→ Data for this task:
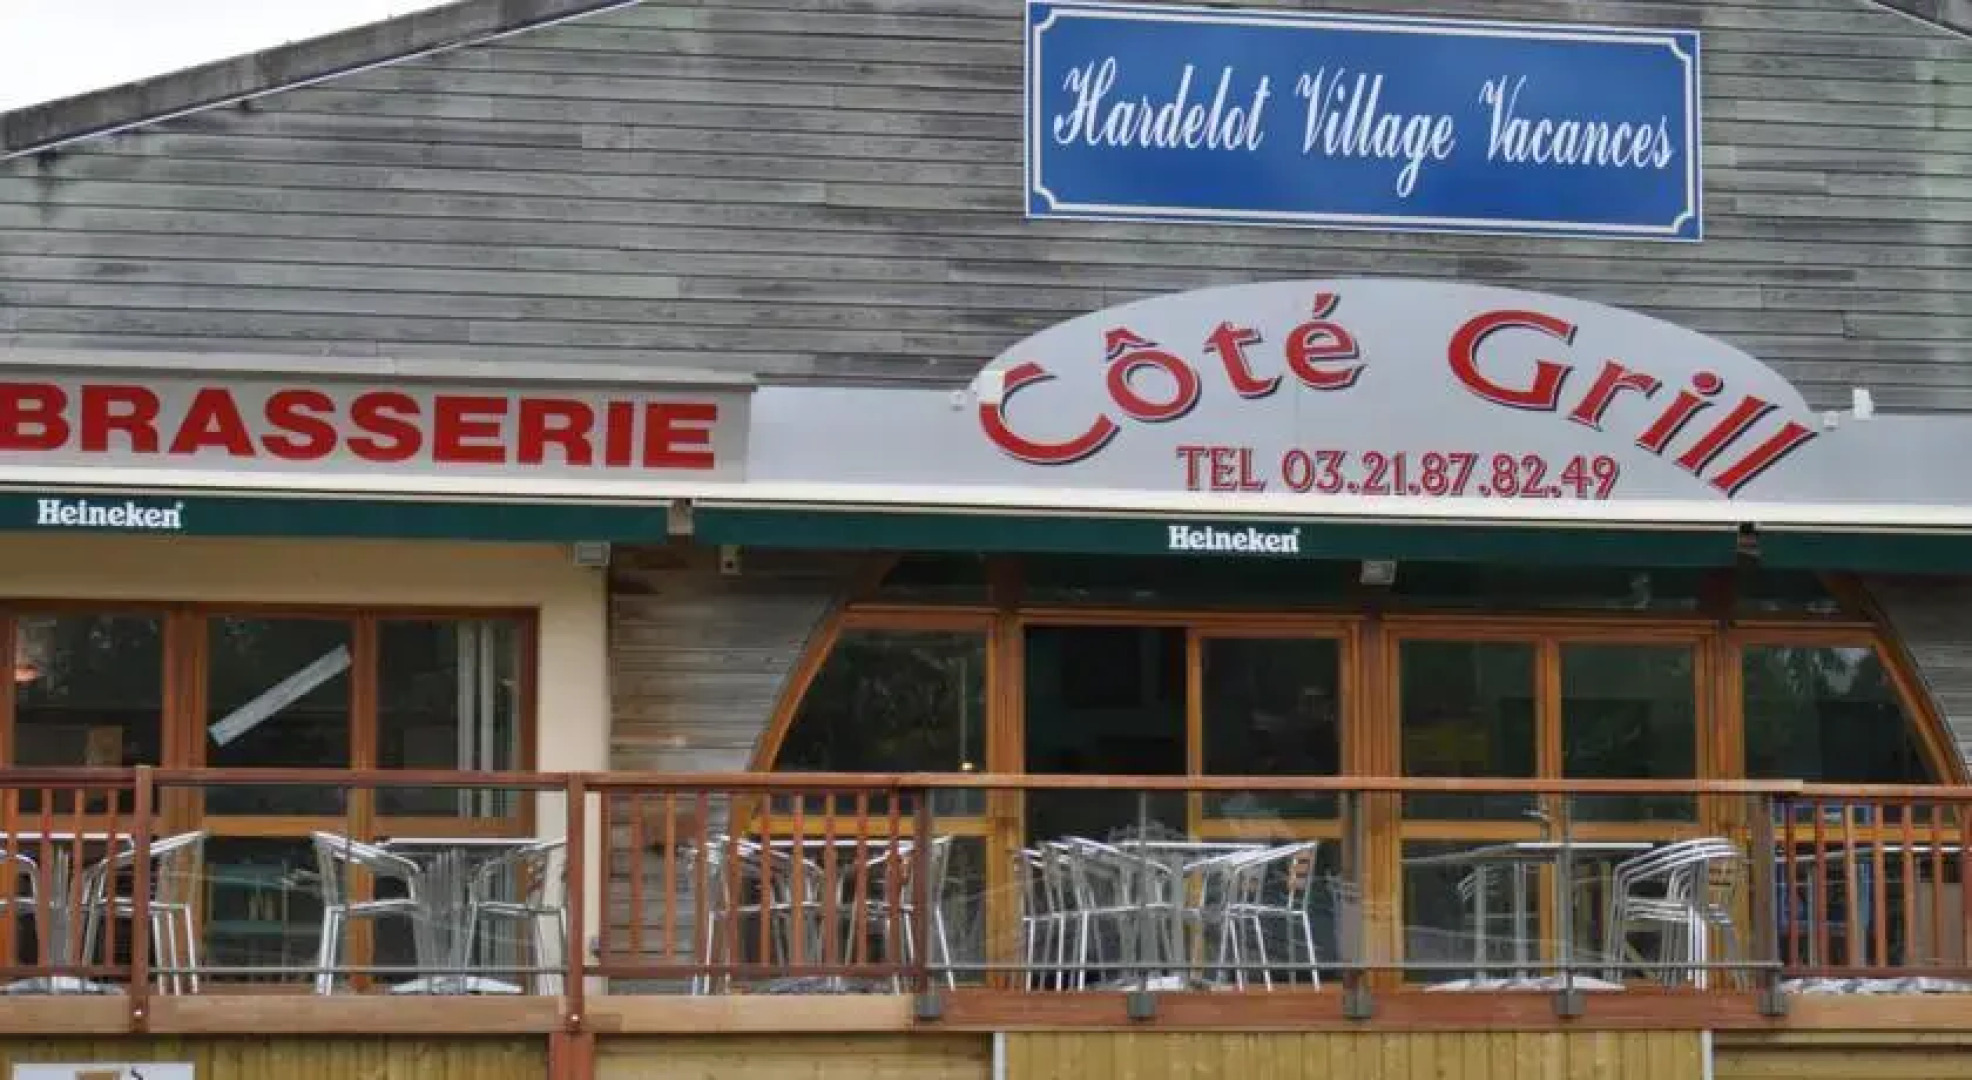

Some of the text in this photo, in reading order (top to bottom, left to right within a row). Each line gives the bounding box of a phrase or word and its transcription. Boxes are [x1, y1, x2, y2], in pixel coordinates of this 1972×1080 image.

[1053, 56, 1673, 198] Hardelot Village Vacances
[0, 382, 718, 470] BRASSERIE
[977, 293, 1818, 499] Côté Grill
[1175, 445, 1620, 501] TEL 03.21.87.82.49
[37, 499, 183, 530] Heineken
[1168, 524, 1300, 554] Heineken

→ Work required: Omit the pictures, then quote the rest of the material above exactly.

→ Result of this exercise:
Some of the text in this photo, in reading order (top to bottom, left to right within a row). Each line gives the bounding box of a phrase or word and its transcription. Boxes are [x1, y1, x2, y2], in pixel coordinates of this 1972×1080 image.

[1053, 56, 1673, 198] Hardelot Village Vacances
[0, 382, 718, 470] BRASSERIE
[977, 293, 1818, 499] Côté Grill
[1175, 445, 1620, 501] TEL 03.21.87.82.49
[37, 499, 183, 530] Heineken
[1168, 524, 1300, 554] Heineken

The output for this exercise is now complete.